Falling practice hammers
Being in possession of a new printer, an HP K8600 whose main claim to fame is that it is can up to print A31 (roughly 13”x19” – useful for prototype maps/boards), I spent a little time this evening messing with another new tool: Scribus. Scribus is a page layout tool akin to Adobe’s Framemaker. There’s little Scribus can do that I could not do and likely do better with my long standing favourites of LaTeX and LyX, but for quick, experimental and mostly throw-away tasks Scribus has a lower barrier to entry. The fact that it also emits SVG and PDF is icing on the cake.
My first test project was to draw shares for the 10 companies in Muck & Brass (EUR, B&GR, L&SR, L&MR, LB&SCR, CR, GWR, LNWR, NER, SWR). The assumption is that each sheet would be printed 4 times, each company on a different colour of paper, and then one of the non-merger shares for each company would be discarded. The final shares would be slipped into penny sleeves, perhaps with a card backing. This would give 3 non-merger shares and 28 merger shares per company, which is just barely enough.

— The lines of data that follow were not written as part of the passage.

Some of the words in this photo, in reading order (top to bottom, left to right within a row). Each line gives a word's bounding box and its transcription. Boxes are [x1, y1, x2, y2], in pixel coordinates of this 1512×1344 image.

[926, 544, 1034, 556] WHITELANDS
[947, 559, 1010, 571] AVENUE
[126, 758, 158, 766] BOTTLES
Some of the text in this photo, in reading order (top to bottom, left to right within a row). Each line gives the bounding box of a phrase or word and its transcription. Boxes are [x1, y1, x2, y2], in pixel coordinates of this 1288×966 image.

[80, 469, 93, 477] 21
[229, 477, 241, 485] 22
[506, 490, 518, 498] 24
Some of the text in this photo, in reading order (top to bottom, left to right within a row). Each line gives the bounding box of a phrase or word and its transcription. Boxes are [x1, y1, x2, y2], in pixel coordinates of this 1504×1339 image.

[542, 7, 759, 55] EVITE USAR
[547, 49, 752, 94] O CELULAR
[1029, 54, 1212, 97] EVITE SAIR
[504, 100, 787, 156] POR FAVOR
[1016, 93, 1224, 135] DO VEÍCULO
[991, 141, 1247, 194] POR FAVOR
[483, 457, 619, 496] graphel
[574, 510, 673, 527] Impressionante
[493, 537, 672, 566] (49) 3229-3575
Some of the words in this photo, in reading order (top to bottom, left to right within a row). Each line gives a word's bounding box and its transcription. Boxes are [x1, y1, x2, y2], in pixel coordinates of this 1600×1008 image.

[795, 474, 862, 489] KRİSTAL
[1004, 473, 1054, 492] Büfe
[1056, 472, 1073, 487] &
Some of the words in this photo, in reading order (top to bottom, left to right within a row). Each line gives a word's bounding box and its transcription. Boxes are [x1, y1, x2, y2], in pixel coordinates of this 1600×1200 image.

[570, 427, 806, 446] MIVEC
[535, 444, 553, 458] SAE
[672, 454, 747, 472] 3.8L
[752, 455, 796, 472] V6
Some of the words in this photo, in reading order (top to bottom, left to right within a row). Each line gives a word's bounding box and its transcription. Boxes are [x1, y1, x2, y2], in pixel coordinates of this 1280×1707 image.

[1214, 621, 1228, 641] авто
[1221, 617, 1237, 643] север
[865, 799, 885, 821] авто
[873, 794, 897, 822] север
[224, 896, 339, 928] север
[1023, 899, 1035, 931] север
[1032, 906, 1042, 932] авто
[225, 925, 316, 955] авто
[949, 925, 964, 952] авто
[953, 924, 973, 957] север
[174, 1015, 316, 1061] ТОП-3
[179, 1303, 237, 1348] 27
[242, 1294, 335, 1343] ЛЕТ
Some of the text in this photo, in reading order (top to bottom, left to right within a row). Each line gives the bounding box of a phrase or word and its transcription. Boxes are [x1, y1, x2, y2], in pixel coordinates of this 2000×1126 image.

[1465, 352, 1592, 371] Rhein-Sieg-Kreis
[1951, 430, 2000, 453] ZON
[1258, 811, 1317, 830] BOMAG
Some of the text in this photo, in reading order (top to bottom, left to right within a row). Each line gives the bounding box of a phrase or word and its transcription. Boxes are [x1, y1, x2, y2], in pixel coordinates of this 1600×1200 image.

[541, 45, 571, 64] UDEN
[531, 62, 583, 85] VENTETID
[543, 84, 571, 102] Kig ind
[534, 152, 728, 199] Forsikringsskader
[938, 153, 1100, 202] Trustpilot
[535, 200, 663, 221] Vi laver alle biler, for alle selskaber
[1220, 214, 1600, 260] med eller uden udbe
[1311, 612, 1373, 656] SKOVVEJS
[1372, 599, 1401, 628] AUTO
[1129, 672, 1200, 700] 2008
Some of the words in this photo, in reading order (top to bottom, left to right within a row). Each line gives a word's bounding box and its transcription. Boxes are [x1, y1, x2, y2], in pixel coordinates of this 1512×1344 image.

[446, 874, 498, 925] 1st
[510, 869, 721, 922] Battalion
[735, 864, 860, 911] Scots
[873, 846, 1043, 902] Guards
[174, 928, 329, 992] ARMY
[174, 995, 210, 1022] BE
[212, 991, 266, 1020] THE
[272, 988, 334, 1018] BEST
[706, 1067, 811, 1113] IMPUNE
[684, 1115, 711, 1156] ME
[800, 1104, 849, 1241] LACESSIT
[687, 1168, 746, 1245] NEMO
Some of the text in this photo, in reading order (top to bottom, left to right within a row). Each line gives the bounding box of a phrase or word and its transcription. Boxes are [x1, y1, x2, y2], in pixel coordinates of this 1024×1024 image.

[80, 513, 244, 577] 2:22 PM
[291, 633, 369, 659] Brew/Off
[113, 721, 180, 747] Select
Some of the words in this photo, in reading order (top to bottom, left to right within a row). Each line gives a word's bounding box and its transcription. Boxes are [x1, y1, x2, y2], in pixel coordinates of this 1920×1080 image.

Winsome Games uses rather nice coloured paper in a wide range of colours for many of their shares. I’ve not seen anything quite so pleasant at my local office supply stores. I wonder what I’m missing?2
As Ben Keightley graciously reminded me on #bgdf_chat, it would be better to put small images showing the position of that company’s home city on each share. I plead gross laziness and a knowledge of English geography! I can’t quite be bothered to gen 10 maps of England with highlighted cities, not when the above sheets merely required producing one master and doing search-and-replace with XEmacs to produce the others.